The Vietnam Food Association VFA has announced the new floor rice export prices, the move which is believed to help stop some rice exporters who break the commitments and export at low prices.

The decision has been made after some Vietnamese rice exporters offered rice to Malaysian importers at the low price of 460 dollars per ton. Malaysia, citing the contracts with low export prices, has asked to re-negotiate the price of the contract on selling 300,000 tons of five percent broken rice that Vietnam signed in mid December, saying that it had to accept overly high price.

From now on, five percent broken rice will be exported at the prices no less than 500 dollars per ton (FOB), while the minimum export price for 10 percent broken rice is 495 dollars per ton, and the floor export price will be 485 dollars per ton for 15 percent broken rice. The floor price will be 470 dollars for 25 percent broken rice.

The new floor price levels have been effective since December 22, 2011.

Besides the signed contracts, Vietnam is now negotiating for selling another 200,000 tons of rice to Malaysia. If the negotiation succeeds, Vietnamese enterprises would have to deliver 500,000 tons of five percent broken rice in total in the first and second quarters of 2012, if counting on the 300,000 tons contracted in mid December.

The contract on exporting 300,000 tons to Malaysia was inked in mid December at the price of 570 dollars per ton.
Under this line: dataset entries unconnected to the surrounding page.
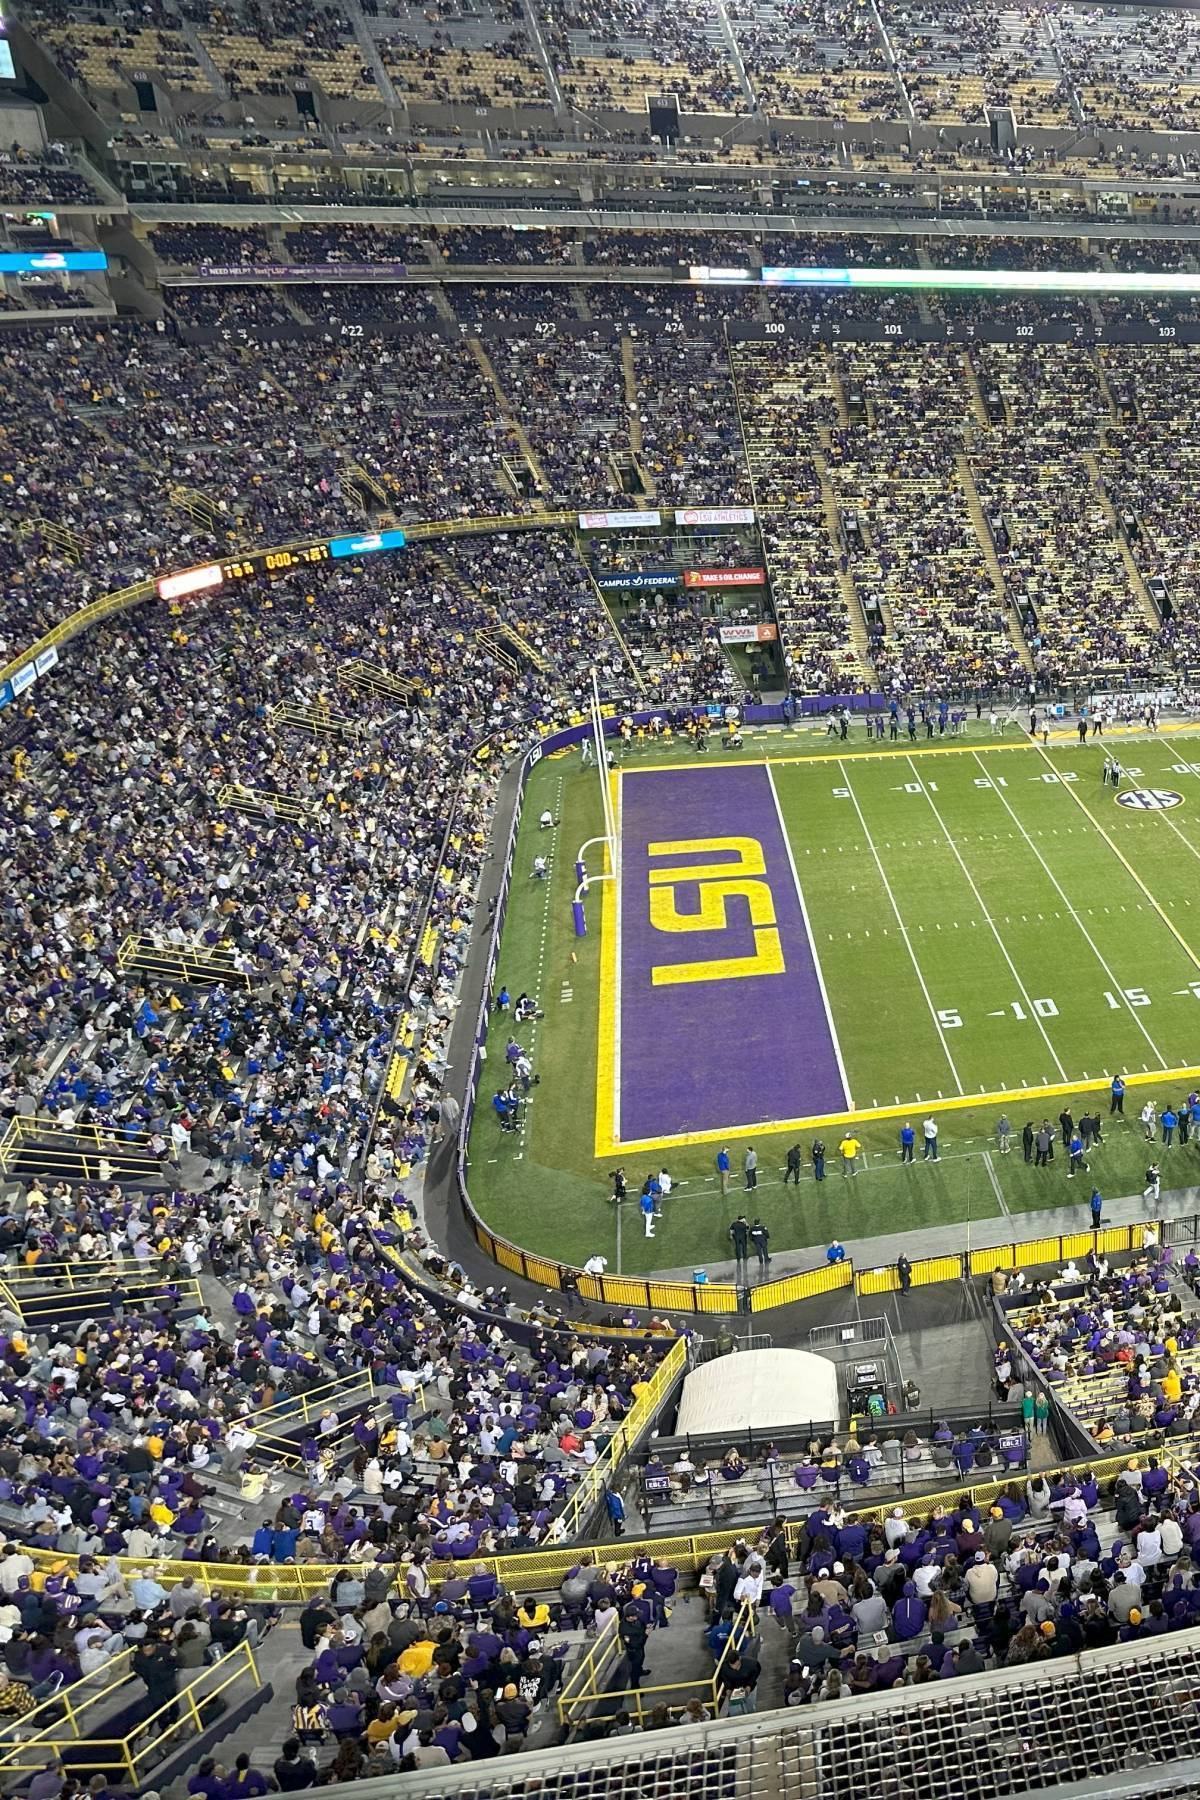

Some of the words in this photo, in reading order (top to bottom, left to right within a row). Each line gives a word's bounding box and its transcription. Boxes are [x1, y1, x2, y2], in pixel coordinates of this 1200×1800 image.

[341, 325, 364, 336] 422
[765, 323, 785, 333] 100
[884, 324, 903, 335] 101
[1016, 326, 1034, 336] 102
[1158, 327, 1176, 337] 103
[713, 511, 748, 521] ATHLETICS
[266, 552, 291, 570] 0:00
[723, 573, 734, 581] OIL
[734, 572, 760, 581] CHANGE
[598, 579, 631, 588] CAMPUS
[644, 577, 676, 585] FEDERAL
[529, 745, 542, 767] LSU
[973, 777, 1009, 789] 15
[1039, 772, 1080, 784] 20
[832, 788, 851, 799] 5
[904, 782, 938, 794] 10
[647, 836, 786, 986] LSU
[1102, 987, 1152, 1009] 15
[1009, 998, 1060, 1020] 10
[937, 1008, 963, 1028] 5
[501, 1468, 509, 1479] 9
[306, 1520, 314, 1530] 3
[641, 1563, 649, 1573] 7
However, as some Vietnamese exporters have offered lower export prices, Malaysia is now trying to force the prices down when negotiating for buying 200,000 tons more.
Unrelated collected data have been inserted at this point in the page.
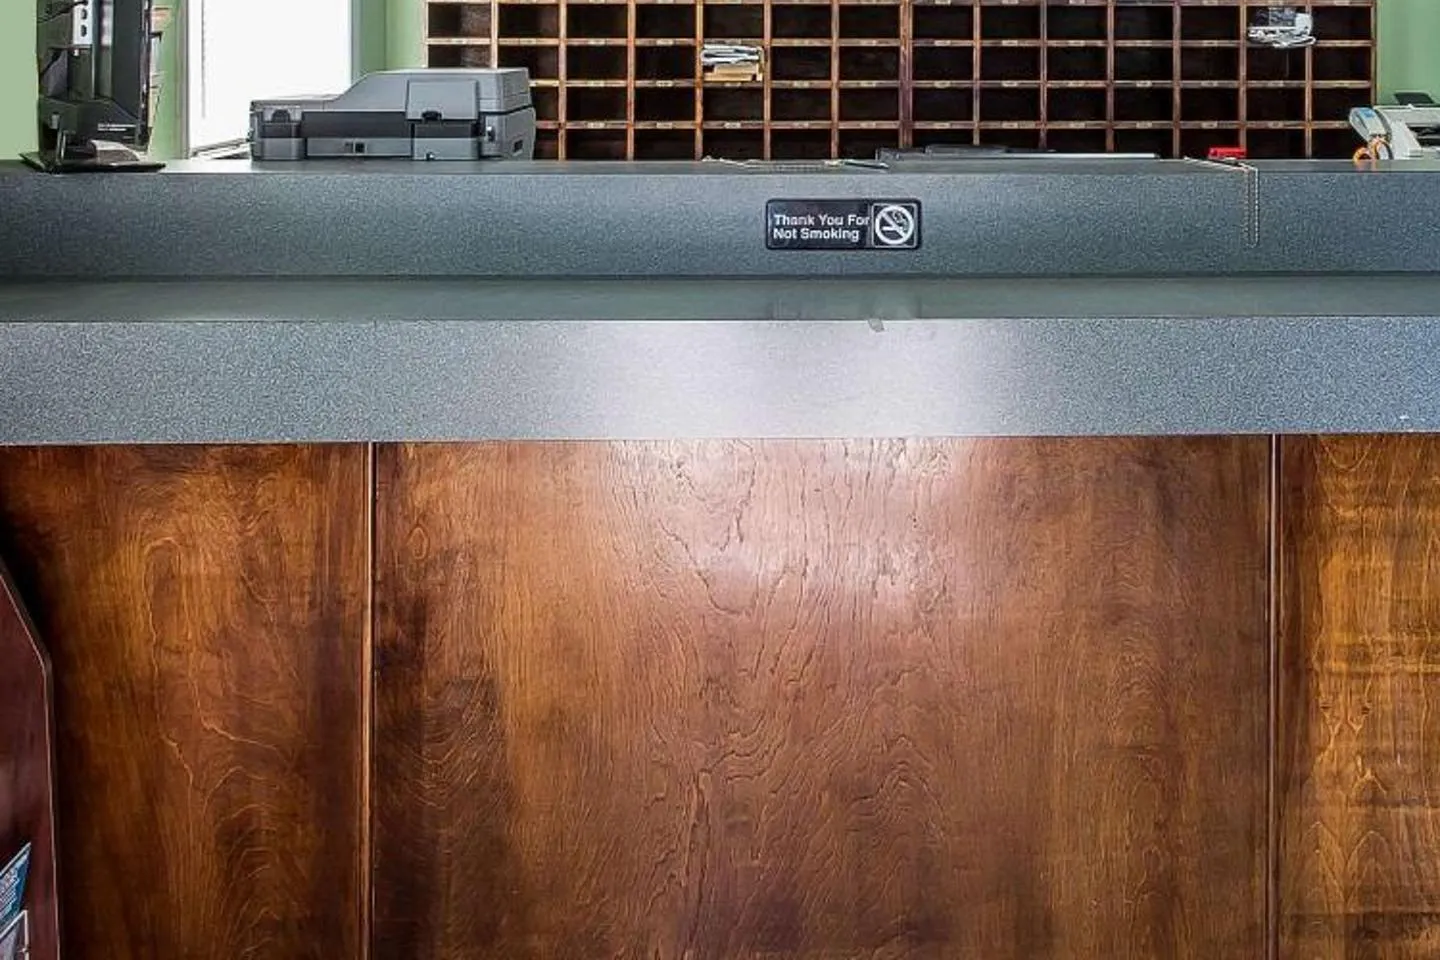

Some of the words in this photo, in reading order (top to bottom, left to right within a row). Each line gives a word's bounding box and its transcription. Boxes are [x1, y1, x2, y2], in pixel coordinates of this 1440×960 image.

[773, 214, 815, 226] Thank
[819, 214, 843, 226] You
[848, 214, 870, 226] For
[773, 228, 797, 239] Not
[800, 228, 859, 243] Smoking
Some experts say that it is very likely that Vietnam would have to accept lower prices in the contract which is still under negotiations.

The rice exporters who offered exports at low prices have been violently criticized by the business circle which has requested the Ministry of Industry and Trade to punish heavily.
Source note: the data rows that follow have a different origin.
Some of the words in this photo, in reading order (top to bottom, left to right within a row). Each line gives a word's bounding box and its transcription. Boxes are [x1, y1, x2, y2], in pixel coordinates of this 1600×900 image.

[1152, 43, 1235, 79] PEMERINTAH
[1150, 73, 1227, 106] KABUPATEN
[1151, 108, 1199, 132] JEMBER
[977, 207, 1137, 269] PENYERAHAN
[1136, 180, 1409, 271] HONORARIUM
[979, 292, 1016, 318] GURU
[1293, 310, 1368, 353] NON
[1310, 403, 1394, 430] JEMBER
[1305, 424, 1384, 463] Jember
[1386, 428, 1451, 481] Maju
Experts have predicted that the rice export market in the first quarter of 2012 would see a lot of changes.

In the past, Indonesia signed the contracts on buying 250,000 tons of 15 percent broken rice from India at 410 dollars per ton, with the delivery time in January and February 2012. However, it is likely that Indian exporters cannot make deliveries on time. Therefore, analysts have predicted that Indonesia may break the contracts signed with India and shift to buy rice from Vietnam.

Though the 15 percent broken rice Vietnam sold to Indonesia in the past was priced at 540 dollars per ton, higher than that offered by Indian exporters, Indonesia still accepts Vietnamese rice, because Vietnamese rice is fresh and it has higher quality than the same kind of product of India.

Indonesia has voiced its request for negotiating to buy Vietnam’s rice to replace the rice it ordered previously with Indian exporters. Therefore, it is very likely that Vietnam would replace India to become the rice supplier for Indonesia in a contract on exporting 250,000 tons of 15 percent broken rice.

As for the Filipino market, the government of the country has granted quotas to import 500,000 tons of 25 percent broken rice, and has assigned private businesses to implement the contracts. The destination for Filipino businessmen is Vietnam.

In order to sell rice successfully to the Philippines, VFA has assigned the Southern Food Corporation (Vinafood 2) to come forward to negotiate the affair, in order to avoid the troubles like the ones occurred in 2011.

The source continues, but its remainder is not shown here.